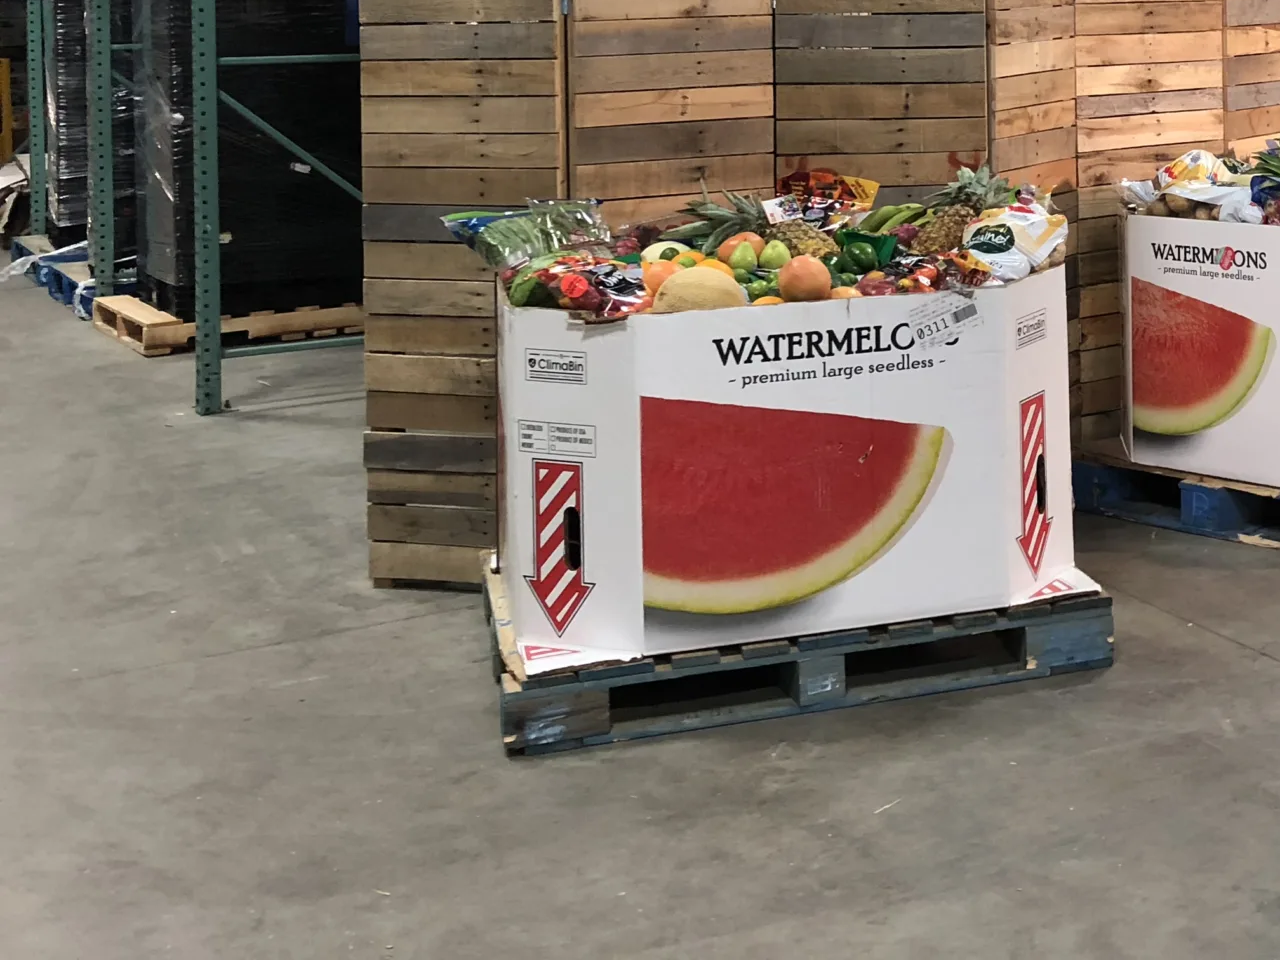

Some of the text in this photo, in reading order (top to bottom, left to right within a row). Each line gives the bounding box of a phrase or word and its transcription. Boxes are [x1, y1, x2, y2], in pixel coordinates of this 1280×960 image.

[1151, 242, 1268, 270] WATERMONS
[1163, 266, 1254, 281] premium large seedless
[916, 317, 950, 340] 0311
[712, 323, 960, 367] WATERMELO
[538, 358, 584, 372] ClimaBin
[741, 353, 934, 389] premium large seedless

→ **EXERCISE PROMPT**
Above are the records; copy every one of them exactly and omit the images.

→ **TASK ANSWER**
Some of the text in this photo, in reading order (top to bottom, left to right within a row). Each line gives the bounding box of a phrase or word and its transcription. Boxes are [x1, y1, x2, y2], in pixel coordinates of this 1280×960 image.

[1151, 242, 1268, 270] WATERMONS
[1163, 266, 1254, 281] premium large seedless
[916, 317, 950, 340] 0311
[712, 323, 960, 367] WATERMELO
[538, 358, 584, 372] ClimaBin
[741, 353, 934, 389] premium large seedless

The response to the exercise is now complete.